A serious decline in imported Oil into the U.S. at a time when largest slice of the American pulation will be the aged - and given our propensity for obesity - decrepit and infirm, does not bode well for the economy. For those of you who think we will simply open the immigration spigot... The human migration pattern since the beginning of time has been one in which people migrate to follow resources, and the most important resource they have been following into the U.S. has been Oil (first domestically produced and then imported)... and that is now trailing off.
For our markets to function they must provide a positive return over time, after all, if the market's provided a continuous negative return, no one would participate in them - and that would be the end of that. Therein lies the rub.
In real terms that is beginning to look, from my perspective and at this moment, as the most likely outcome. This is not to say that by 2040 we have not sorted most of this out... but seeing how I will be nearly 79 in 2040 (if the fates allow), well I think I will focus on the nearer future.

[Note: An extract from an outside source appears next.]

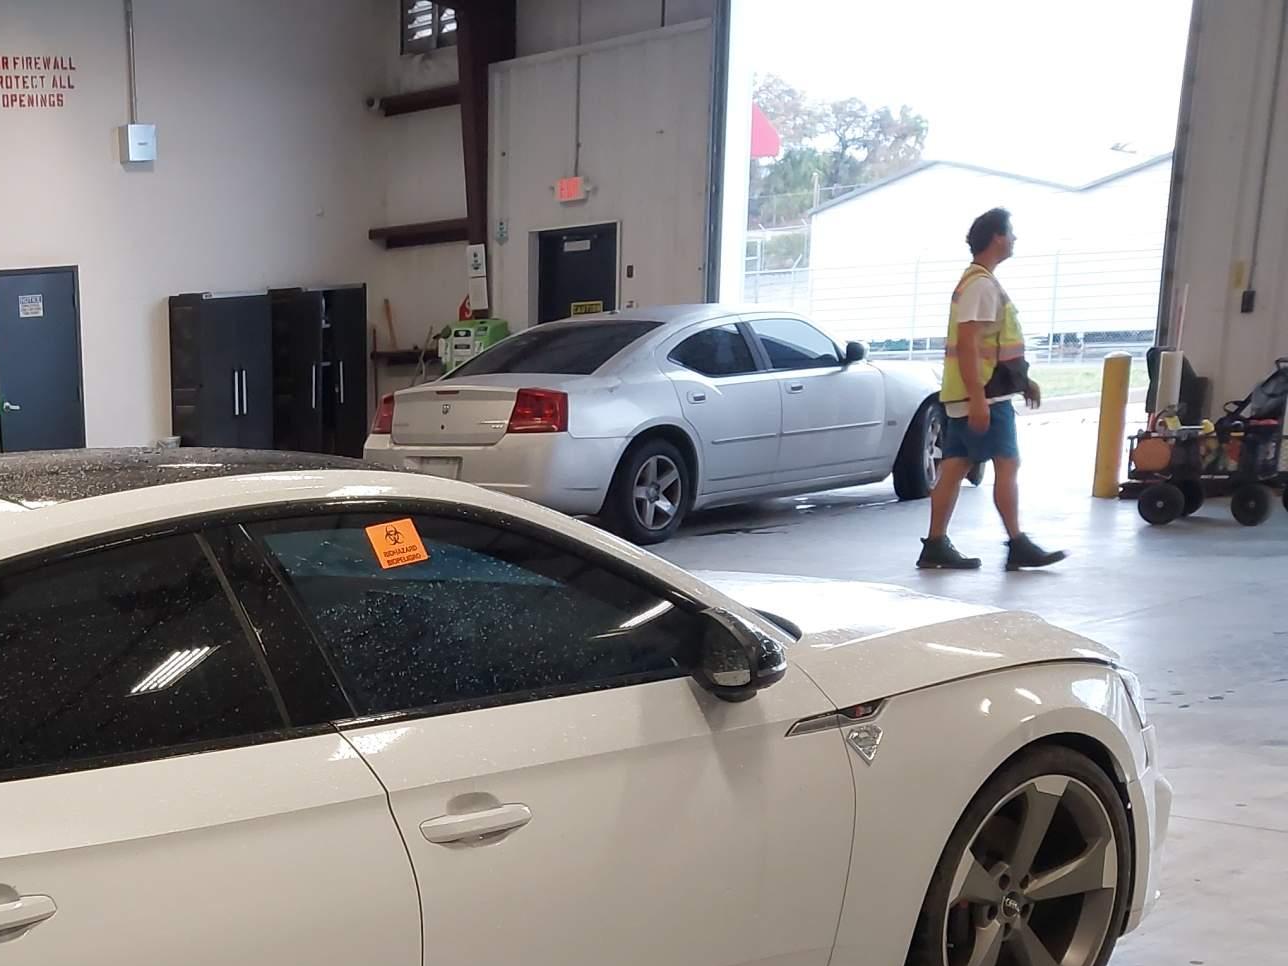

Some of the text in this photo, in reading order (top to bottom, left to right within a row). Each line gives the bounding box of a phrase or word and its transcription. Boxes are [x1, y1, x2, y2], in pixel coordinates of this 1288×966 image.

[13, 56, 76, 70] FIREWALL
[52, 75, 75, 89] ALL
[1, 93, 64, 108] OPENINGS

The question is this: Do you earn and save US$ for the purpose of providing for your needs in old age or not? Today is easy. Watch your weight, get enough rest, play, make love, etc... these are fairly easy decisions. In what field should your children be trained? How much should you pay for the training? These questions offer some unique challenges.

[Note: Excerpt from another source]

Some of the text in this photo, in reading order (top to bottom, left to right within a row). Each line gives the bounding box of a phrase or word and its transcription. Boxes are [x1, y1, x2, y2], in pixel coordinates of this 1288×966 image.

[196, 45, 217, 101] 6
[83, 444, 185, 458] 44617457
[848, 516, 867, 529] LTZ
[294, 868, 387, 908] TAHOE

(It is a cost/benefit analysis, after all. I have seen reports of kids graduating from Harvard and other elite private colleges that are "relieved" to not have the option of making too much money on Wall Street, partying like a rock star, traveling the world, and having a love life that would make Caligula blush for the first decade or 2 out of college (talk about FOS!), and instead are thrilled with the prospect of $45k per year teaching jobs so that they can help save the world... (I am rolling my eyes at this point)... well, kiddies, only a rich kid would talk like that. Poor kids would be too busy doing the math on how long it would take to pay back $200k in student loans on a $45k salary. I guess there are advantages to being poor or working class after all. You don't have to spend as much time Bullsh*ting yourself.)
Speaking to my contemporaries, people with kids in high school and college: What, exactly, are our kids going to do for a living armed with an undergraduate degree in Woman's studies, art appreciation, english literature, or my favorite... "marketing" ? Especially when all those over paid/under worked positions in Academia dissapear? (In my next life, I want to come back as a professor at a business school - I won't have to make payroll, deal with regulators, survive recessions, and actually perform a useful service to the market place! I will merely pontificate from on high. It always staggered me that Wall Street went recruiting almost exclusively from the elite business schools - people with absolutely NO EXPERIENCE of accomplishing ANYTHING, with the glaring exception of navigating the selection process of their Alma Mater - while there were THOUSANDS of guys (and gals) that started a business from sratch, built it to millions in sales, and actually had profits from all over the U.S.... Nah, Wall Street did not want to recruit rifraf like that... they were looking for folks that walked and talked just like them. They wanted people that had training assembling Lego models from Harvard's Business School rather than a guy had built a few things and made a few bucks. Go figure.)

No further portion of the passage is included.